The centre, which is employing experts from the UN Development Programme for the first two years of operation, plans to act as a consultant to companies looking to earn carbon credits, and market those credits to local companies such as Emirates Airline, Mr Salman said.

But Dubai is launching its campaign just before the Kyoto Protocol, the international agreement to combat climate change that came into force in 2005, is scheduled to expire at the end of next year.

The protocol forms the basis for the UN's clean development mechanism, which awards carbon credits to developing countries for cutting emissions.

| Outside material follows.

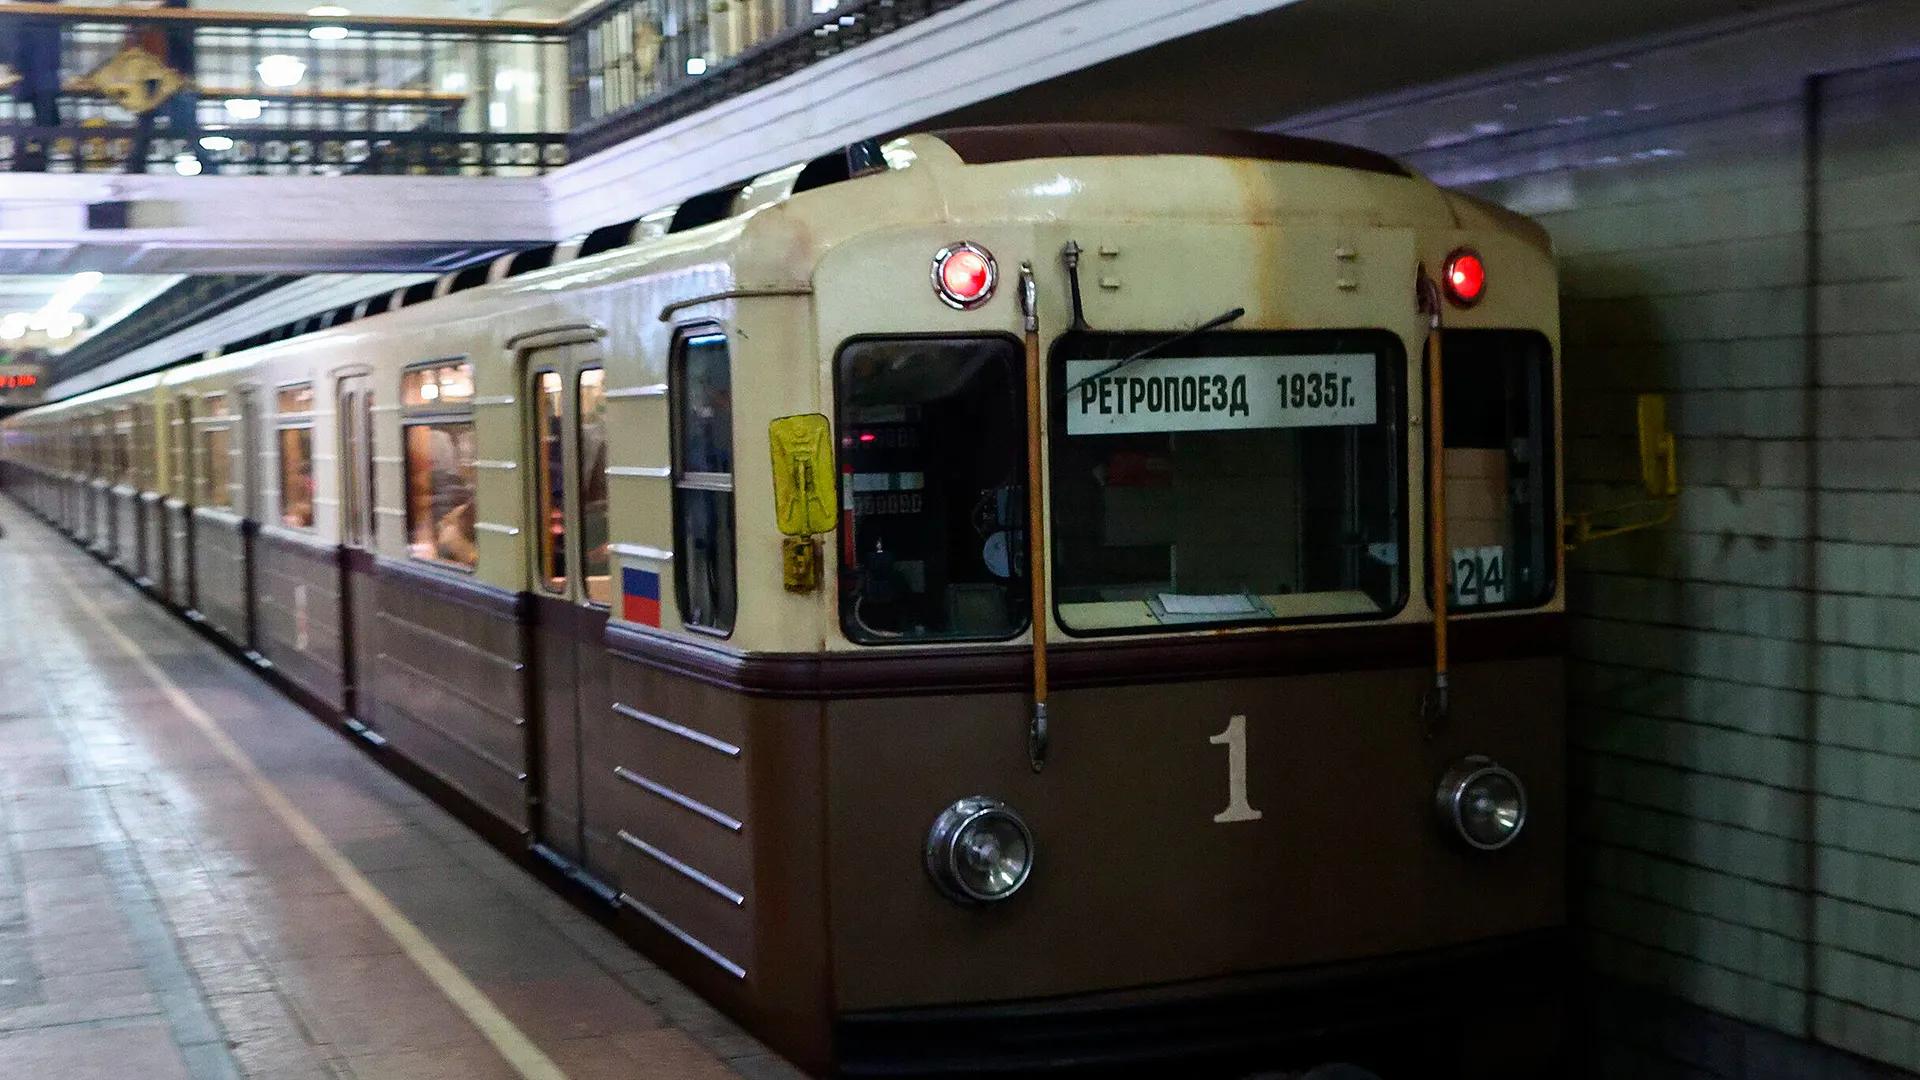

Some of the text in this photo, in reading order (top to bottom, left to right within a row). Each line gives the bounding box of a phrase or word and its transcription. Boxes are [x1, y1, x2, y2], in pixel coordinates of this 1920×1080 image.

[1080, 373, 1355, 418] РЕТРОПОЕЗД 1935г.
[1209, 714, 1263, 823] 1

Those countries can in turn sell the credits to international companies that want to set up carbon-emitting industrial operations.

Environment ministers and environmentalists from around the world are scheduled to meet in South Africa in November to hammer out a replacement agreement.

Without a clear picture of a post-Kyoto future, international investors have been reluctant to fund costly carbon-cutting projects that can take years to register and monitor before the UN awards credits.

Carbon credits have brought millions of dollars to countries including India and China but are relatively new to the Gulf region.

Masdar, Abu Dhabi's clean-energy company, earned its first credits last month at a gas-burning power plant in Taweelah, where it increased the amount of power and desalinated water it could produce for each tonne of carbon dioxide it emitted by reusing waste heat.

It earns credits for the annual reductions of 120,000 tonnes of carbon emissions.

The centre in Dubai plans to develop projects to cut as much as 5 million tonnes of carbon emissions by 2015 and twice that amount by 2020, said Mr Salman.

He is also the acting vice president for strategy and business development at the state utility Dubai Electricity and Water Authority (Dewa) and a member of the Supreme Council of Energy, the government entity that sets Dubai's energy strategy.

Partners in the centre, which include Dewa, the aluminium maker Dubal and the state-owned Emirates National Oil Company, are considering internal quotas for carbon emissions, Mr Salman said.

That target may be possible considering Dubai's many power plants, industrial factories and construction sites, said Shibu Davies, the regional general manager for TUV Nord, a German company that audits carbon-reduction projects.

"It depends on how aggressive the projects are and how aggressive this organisation is," said Mr Davies. "This timeline is very challenging, but it depends on how competent the Government is and how committed are these organisations."

Others in the industry in the UAE, where the first carbon credits were only earned after years of costly development, say Dubai cannot realistically hit the 5 million-tonne target in the next four years.

"The capacity is probably there but actually turning them into [credits] is not an easy process," said a UAE industry executive who asked to remain anonymous. "It's a long process and to generate that is pretty tough."